§ **Problem description**
Set all of the entries down again precisely as they are written.

§ **Raw data**
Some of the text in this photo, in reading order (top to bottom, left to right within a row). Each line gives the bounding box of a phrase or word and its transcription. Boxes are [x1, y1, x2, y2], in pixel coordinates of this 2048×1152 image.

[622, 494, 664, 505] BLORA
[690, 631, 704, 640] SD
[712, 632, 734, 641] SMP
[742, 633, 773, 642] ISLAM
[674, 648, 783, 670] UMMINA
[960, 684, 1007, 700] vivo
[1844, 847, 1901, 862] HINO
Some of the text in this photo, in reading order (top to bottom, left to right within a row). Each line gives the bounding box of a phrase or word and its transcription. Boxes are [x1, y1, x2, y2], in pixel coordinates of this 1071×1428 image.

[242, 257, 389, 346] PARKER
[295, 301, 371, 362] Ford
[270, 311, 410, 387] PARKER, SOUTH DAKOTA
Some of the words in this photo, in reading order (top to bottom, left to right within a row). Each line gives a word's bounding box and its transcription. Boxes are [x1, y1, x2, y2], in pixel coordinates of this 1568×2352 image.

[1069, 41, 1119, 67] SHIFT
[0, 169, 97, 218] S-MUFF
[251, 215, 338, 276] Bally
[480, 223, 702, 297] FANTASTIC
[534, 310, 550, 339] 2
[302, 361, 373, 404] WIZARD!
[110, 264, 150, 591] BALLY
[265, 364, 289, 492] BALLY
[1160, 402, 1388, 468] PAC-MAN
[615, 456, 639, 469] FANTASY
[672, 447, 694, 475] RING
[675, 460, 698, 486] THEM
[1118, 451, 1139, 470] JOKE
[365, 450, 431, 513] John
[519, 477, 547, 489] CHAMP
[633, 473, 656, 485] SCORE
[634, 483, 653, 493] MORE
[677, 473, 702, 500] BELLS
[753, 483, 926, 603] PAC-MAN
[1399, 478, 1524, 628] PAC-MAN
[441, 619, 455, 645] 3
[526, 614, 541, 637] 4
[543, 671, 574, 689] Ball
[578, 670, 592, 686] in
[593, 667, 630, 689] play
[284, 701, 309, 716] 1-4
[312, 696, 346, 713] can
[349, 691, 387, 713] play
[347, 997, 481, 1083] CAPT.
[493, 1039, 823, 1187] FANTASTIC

§ **Result**
Some of the text in this photo, in reading order (top to bottom, left to right within a row). Each line gives the bounding box of a phrase or word and its transcription. Boxes are [x1, y1, x2, y2], in pixel coordinates of this 2048×1152 image.

[622, 494, 664, 505] BLORA
[690, 631, 704, 640] SD
[712, 632, 734, 641] SMP
[742, 633, 773, 642] ISLAM
[674, 648, 783, 670] UMMINA
[960, 684, 1007, 700] vivo
[1844, 847, 1901, 862] HINO
Some of the text in this photo, in reading order (top to bottom, left to right within a row). Each line gives the bounding box of a phrase or word and its transcription. Boxes are [x1, y1, x2, y2], in pixel coordinates of this 1071×1428 image.

[242, 257, 389, 346] PARKER
[295, 301, 371, 362] Ford
[270, 311, 410, 387] PARKER, SOUTH DAKOTA
Some of the words in this photo, in reading order (top to bottom, left to right within a row). Each line gives a word's bounding box and its transcription. Boxes are [x1, y1, x2, y2], in pixel coordinates of this 1568×2352 image.

[1069, 41, 1119, 67] SHIFT
[0, 169, 97, 218] S-MUFF
[251, 215, 338, 276] Bally
[480, 223, 702, 297] FANTASTIC
[534, 310, 550, 339] 2
[302, 361, 373, 404] WIZARD!
[110, 264, 150, 591] BALLY
[265, 364, 289, 492] BALLY
[1160, 402, 1388, 468] PAC-MAN
[615, 456, 639, 469] FANTASY
[672, 447, 694, 475] RING
[675, 460, 698, 486] THEM
[1118, 451, 1139, 470] JOKE
[365, 450, 431, 513] John
[519, 477, 547, 489] CHAMP
[633, 473, 656, 485] SCORE
[634, 483, 653, 493] MORE
[677, 473, 702, 500] BELLS
[753, 483, 926, 603] PAC-MAN
[1399, 478, 1524, 628] PAC-MAN
[441, 619, 455, 645] 3
[526, 614, 541, 637] 4
[543, 671, 574, 689] Ball
[578, 670, 592, 686] in
[593, 667, 630, 689] play
[284, 701, 309, 716] 1-4
[312, 696, 346, 713] can
[349, 691, 387, 713] play
[347, 997, 481, 1083] CAPT.
[493, 1039, 823, 1187] FANTASTIC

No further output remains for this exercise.